Mario Layera, the last national director of Police under the administration of the Broad Front, recalls that “at the end of the 90s there was a well-known drug trafficker in Carmelo, who was called Lilo, who bought the painting for the local police station.”
At that time the distribution of the drug was mobile (dealers that they distributed by area) and not a fixed outlet.
The irruption of base paste in the 2000s and the economic crisis of 2002 changed the market. “The base paste began to be sold in fixed outlets that required security, surveillance, an arrangement with the neighborhood, that information not circulate…”, says Layera, who at that time worked in the anti-drug brigade.

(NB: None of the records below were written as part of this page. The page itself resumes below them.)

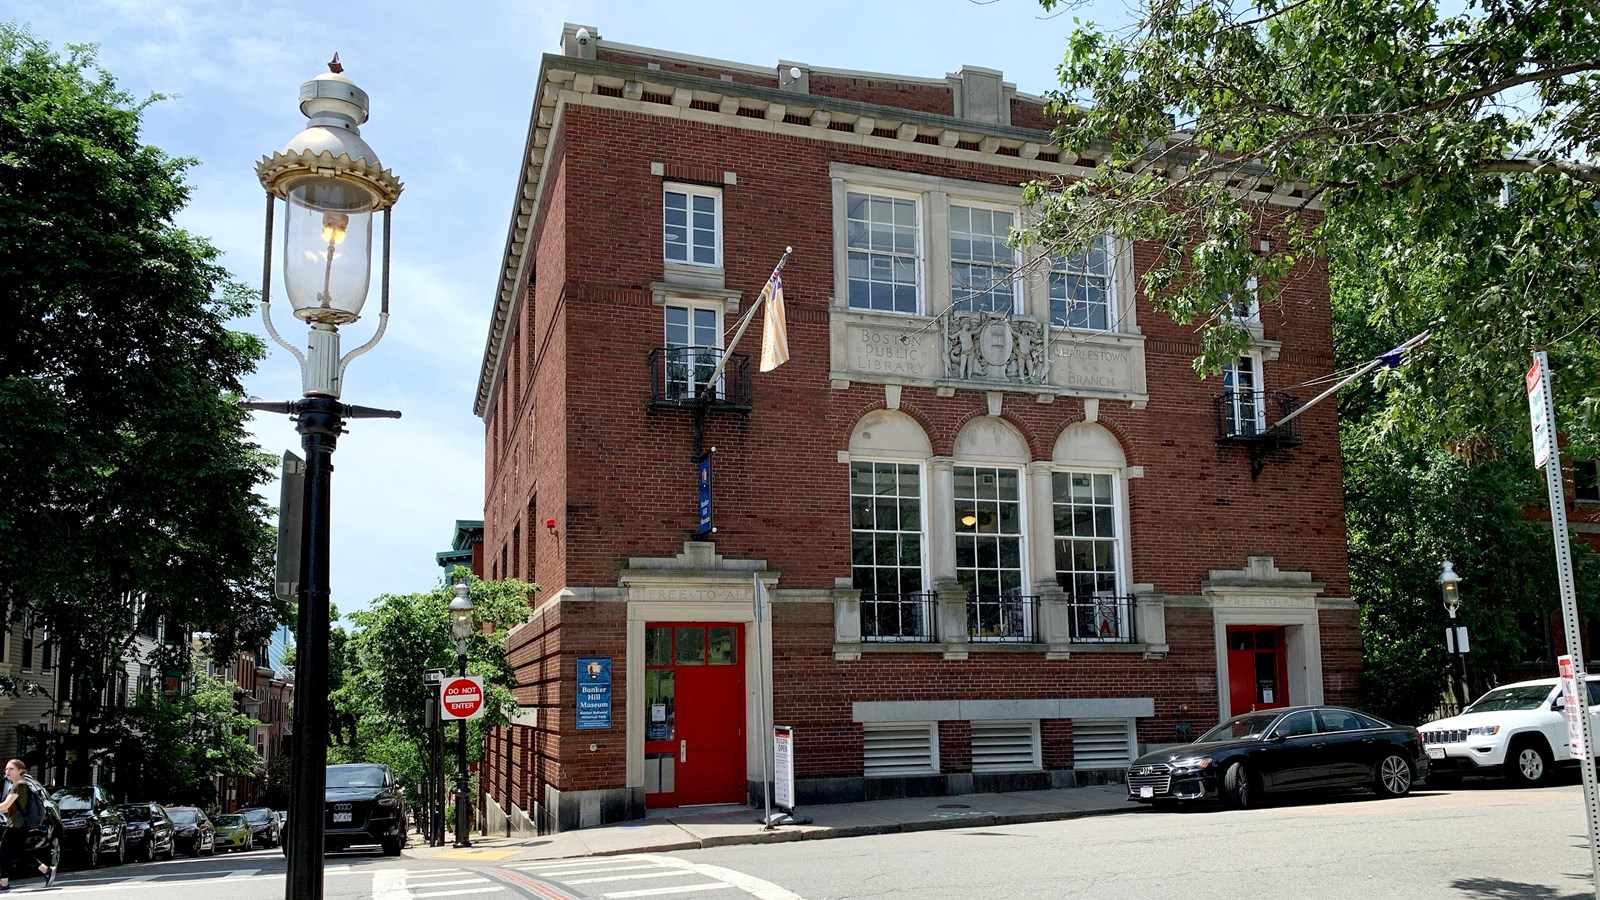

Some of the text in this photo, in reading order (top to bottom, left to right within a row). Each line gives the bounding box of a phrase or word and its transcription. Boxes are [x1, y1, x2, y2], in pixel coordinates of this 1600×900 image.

[861, 329, 921, 346] BOSTON
[866, 344, 918, 360] PUBLIC
[1053, 345, 1128, 362] CHARLESTOWN
[857, 357, 925, 374] LIBRARY
[1068, 371, 1115, 387] BRANCH
[587, 693, 601, 701] Hill
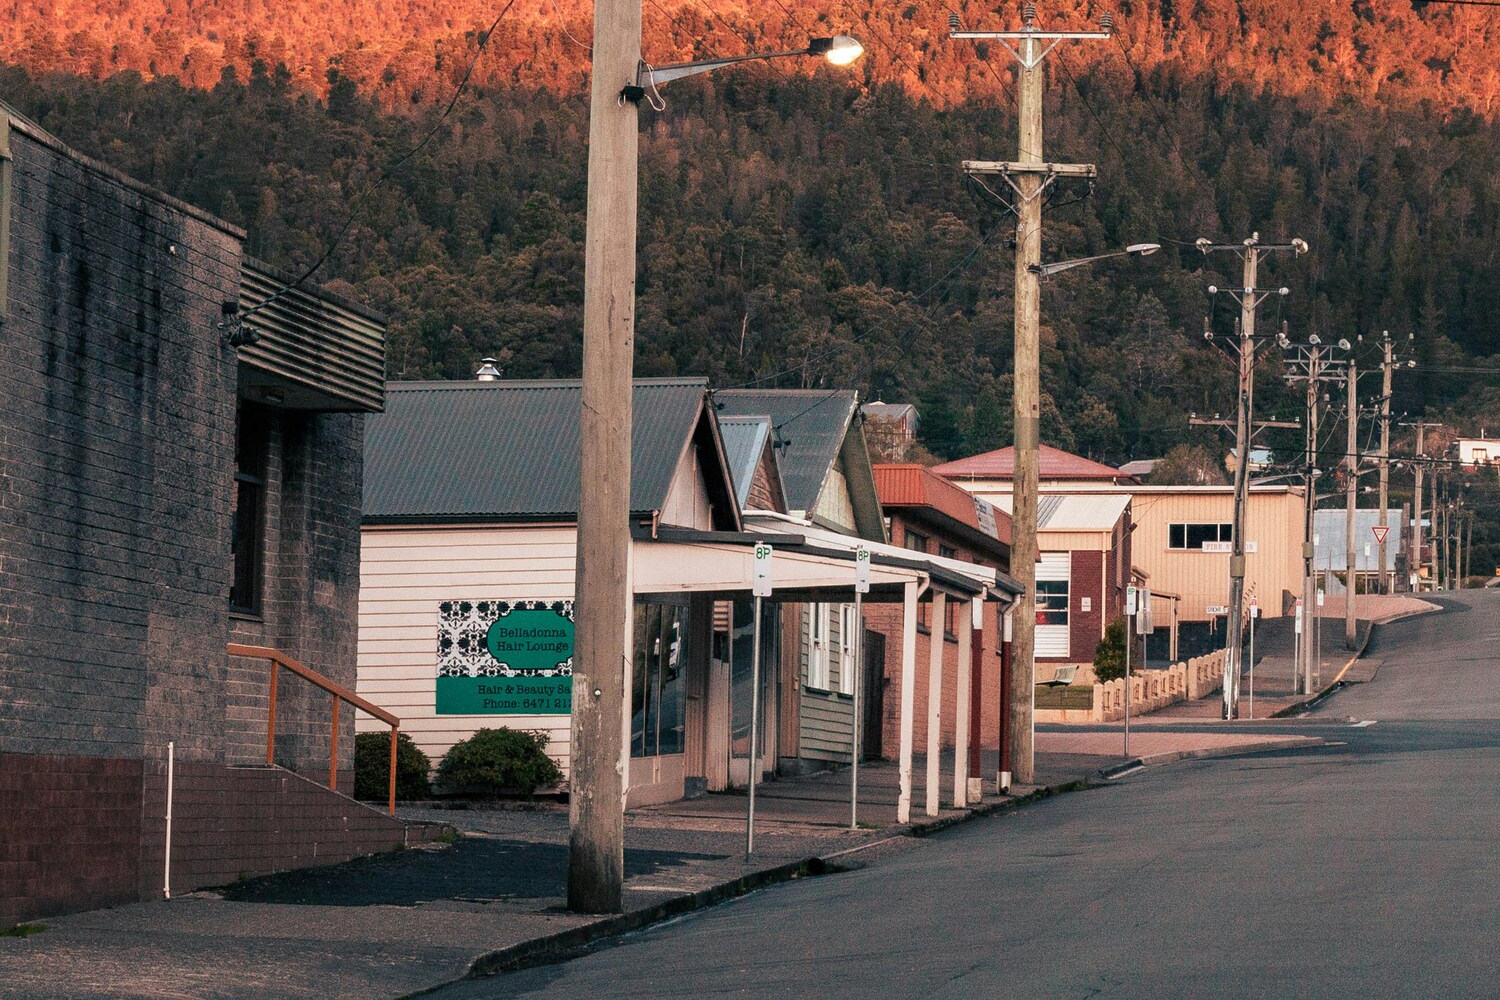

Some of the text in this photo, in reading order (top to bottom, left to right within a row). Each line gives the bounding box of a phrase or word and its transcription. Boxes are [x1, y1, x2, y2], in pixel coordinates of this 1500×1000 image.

[755, 546, 771, 560] 8P
[857, 549, 869, 562] 8P
[500, 628, 567, 638] Belladonna
[497, 641, 569, 653] Hair Lounge
[477, 684, 571, 696] Hair & Beauty Sa
[482, 698, 572, 709] Phone: 6471 21
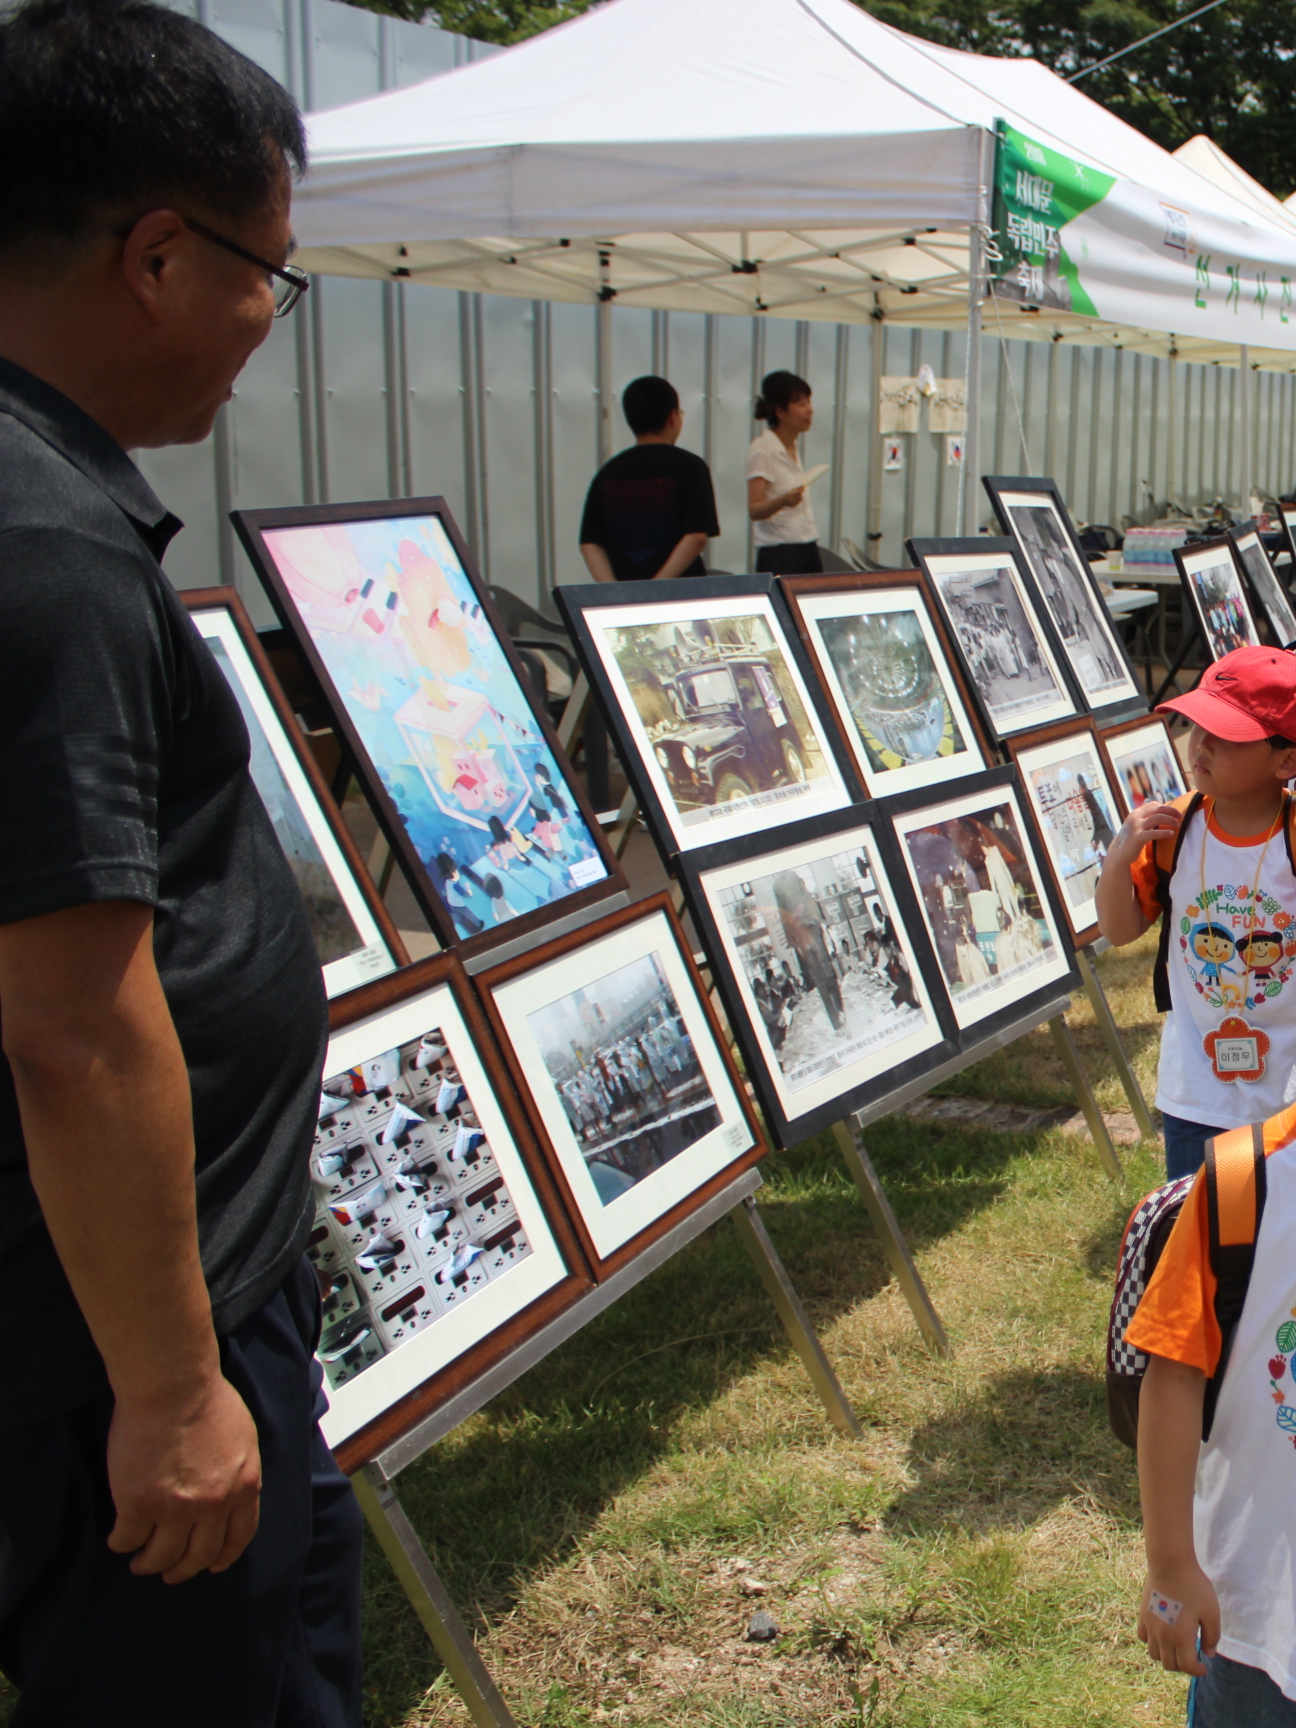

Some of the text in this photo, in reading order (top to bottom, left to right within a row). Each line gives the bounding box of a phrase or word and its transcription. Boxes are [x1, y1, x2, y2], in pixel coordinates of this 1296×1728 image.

“We began to see that collaborations with soccer clubs, with educational workshops in neighborhoods, and with neighbors became more frequent, to the point that micro-trafficking acquired a volume that began to be perceived by the population as insecurity and that ended up affecting , directly or indirectly, to entire housing complexes”, recalled the former police chief.
The growth of the business on a regional scale and the changes in strategy of the Police also mutated to micro-trafficking. A purchase-sale that is immersed in the neighborhoods and in which, the authorities understand, it is not only a matter of fighting the supply, but of re-educating the demand.
In this sense, the Udelar investigation concludes that “the deployment of social policies is key to avoiding the consolidation of criminal groups at the local level.” For its part, “the high presence of the State does not prevent the emergence of criminal organizations, but it does contain them and prevent them from expanding.”